Da ieri sera l’allarme rosso è scattato dietro le quinte del Pd.  Chi nel Transatlantico della Camera parlava di “pulizia etnica”, trovava il dissenso manifesti di Lorenzo Guerini, cioè di colui che per conto di Matteo Renzi, tratterà  e deciderà la formazione delle liste, che ha detto “E’ del tutto evidente che il segretario selezionerà personalità esterne, non inquadrabili in quote e ci mancherebbe altro. Per il resto sarà seguito un criterio equilibrato“.  Il ministro Dario Franceschini, uno dei capo corrente del Pd che più teme l’ “operazione-assopigliattutto” di Renzi, confidava in questi giorni  agli amici: “Temo che il risultato siciliano non sarà brillante e questo mi auguro indurrà Matteo ad essere più ragionevole“. Anche un altro che teme l’imprevedibilità di Renzi, e cioè lo sfidante alle primarie Andrea Orlando, manifesta un altro pensiero: “Siamo in una fase diversa, anche Matteo ne sta prendendo atto“.

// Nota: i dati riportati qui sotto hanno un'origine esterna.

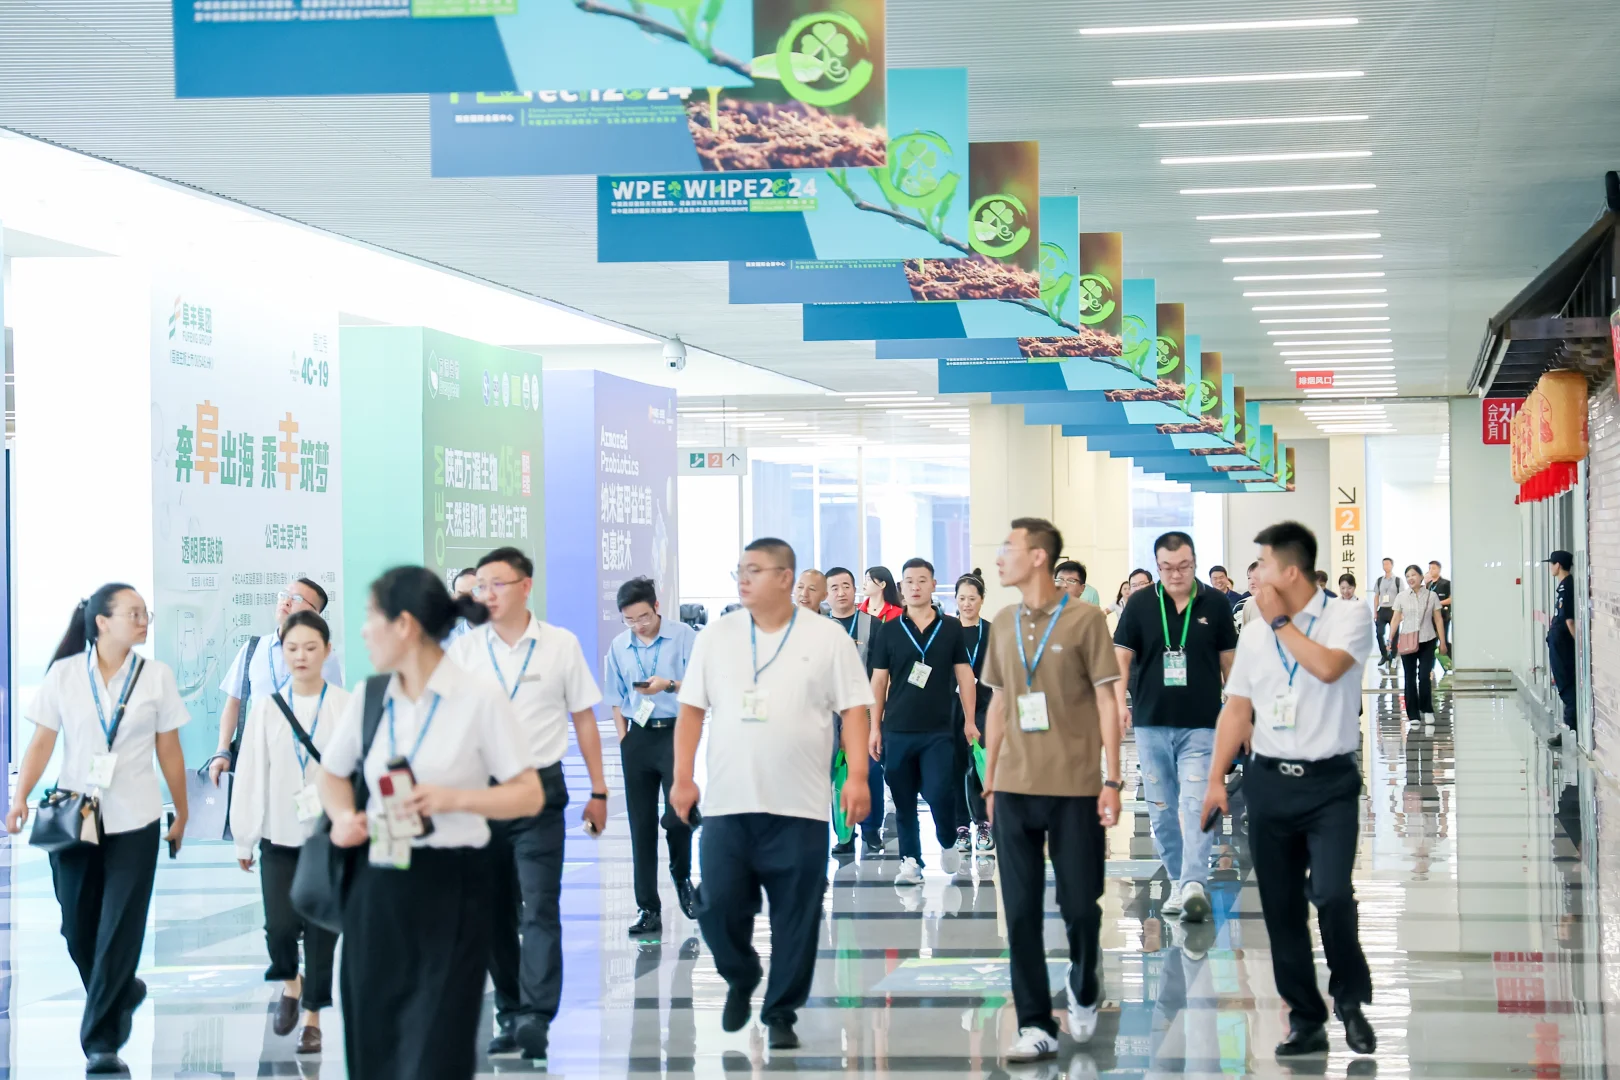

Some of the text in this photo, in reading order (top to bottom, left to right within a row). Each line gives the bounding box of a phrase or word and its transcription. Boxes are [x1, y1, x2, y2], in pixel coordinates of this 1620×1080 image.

[612, 180, 666, 200] WPE
[301, 357, 329, 388] 4C-19
[1299, 376, 1332, 385] 排烟风口
[600, 450, 639, 477] Probiotics
[711, 454, 721, 467] 2
[445, 501, 487, 538] 天然提取物
[1340, 509, 1355, 529] 2
[265, 523, 308, 550] 公司主要产品
[181, 536, 224, 565] 透明质酸钠
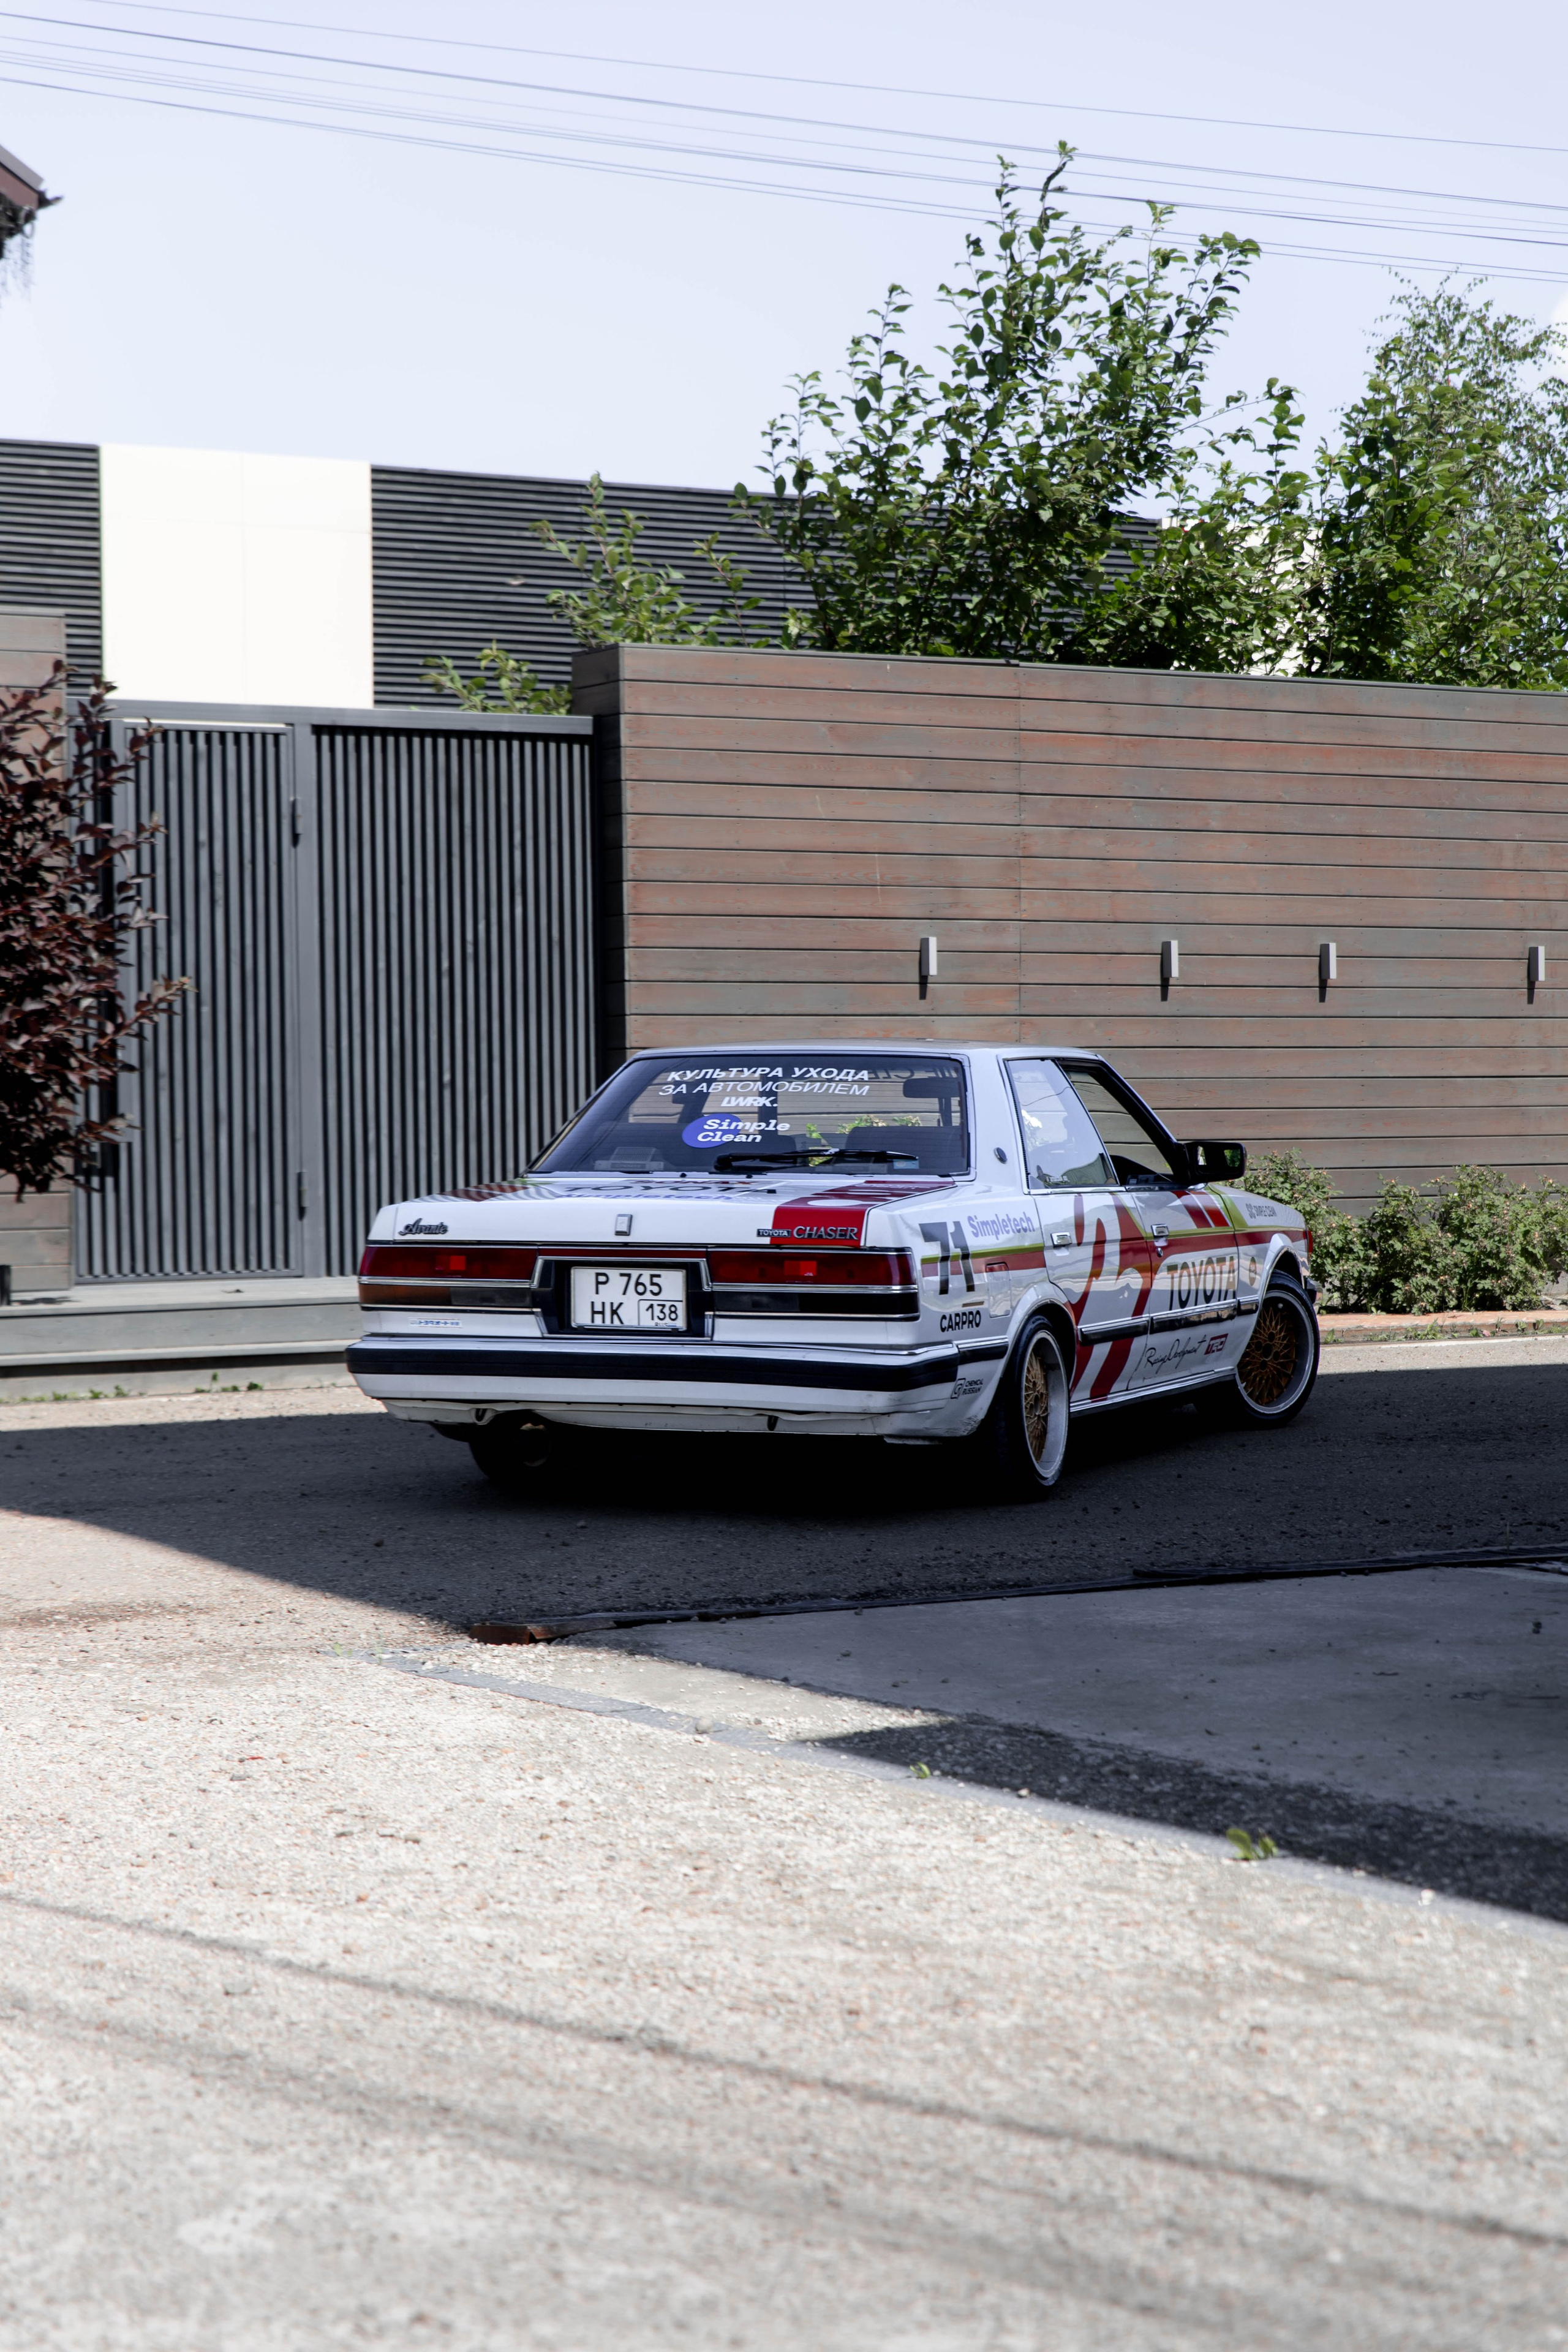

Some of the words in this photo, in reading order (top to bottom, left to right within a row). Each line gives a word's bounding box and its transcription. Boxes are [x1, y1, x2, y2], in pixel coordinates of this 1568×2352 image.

[667, 1067, 783, 1081] КУЛЬТУРА
[791, 1067, 870, 1082] УХОДА
[658, 1085, 688, 1096] ЗА
[692, 1081, 870, 1096] АВТОМОБИЛЕМ
[703, 1118, 790, 1132] Simple
[697, 1131, 763, 1142] Clean
[793, 1226, 858, 1240] CHASER
[967, 1212, 1035, 1240] Simpletech
[918, 1221, 975, 1295] 71
[619, 1273, 662, 1296] 765
[1166, 1256, 1236, 1311] TOYOTA
[646, 1303, 679, 1321] 138
[940, 1310, 981, 1333] CARPRO

Ma il vero rischio che tutti i capicorrente del Pd temono è un altro: che il segretario rassicuri tutti sulla rappresentatività delle liste e poi faccia saltare il “banco” all’ultimo momento in zona Cesarini . A quel punto sarebbe troppo tardi per una scissione-bis, della quale parlano ancora in tanti . Ma lo fanno sottovoce. Per non disturbare o irritare il “manovratore” ?

Berlusconi rientra in ballo nel centrodestra. E Salvini dovrà “trattare” sui collegi elettorali

Giorgia Meloni, che è stata l’unica con Fratelli d’ Italia, a votare nel centrodestra contro il Rosatellum bis, adesso si chiede a cosa servirà questa legge elettorale se poi alla fine non produrrà una maggioranza stabile per governare. La Meloni sospetta accordi segreti tra Berlusconi e Renzi dopo il voto nella primavera del 2018, con un Matteo Salvini che pretende la leadership dell’opposizione per mettere il Cavaliere fuori dai giochi. Ma intanto con questo nuovo sistema elettorale, blindando Forza Italia il Cavaliere in realtà resta della partita : ha evitato il Consultellum, che prevede al Senato le preferenze, e quindi decide i nomi dei candidati sia nei collegi uninominali sia in quelli plurinominali della quota proporzionale. Cioè i candidati cosiddetti “nominati” dai partiti,  contro cui si erano opposti i grillini del M5S, i bersaniani di Mdp e Sinistra italiana, oltre a Fratelli d’Italia.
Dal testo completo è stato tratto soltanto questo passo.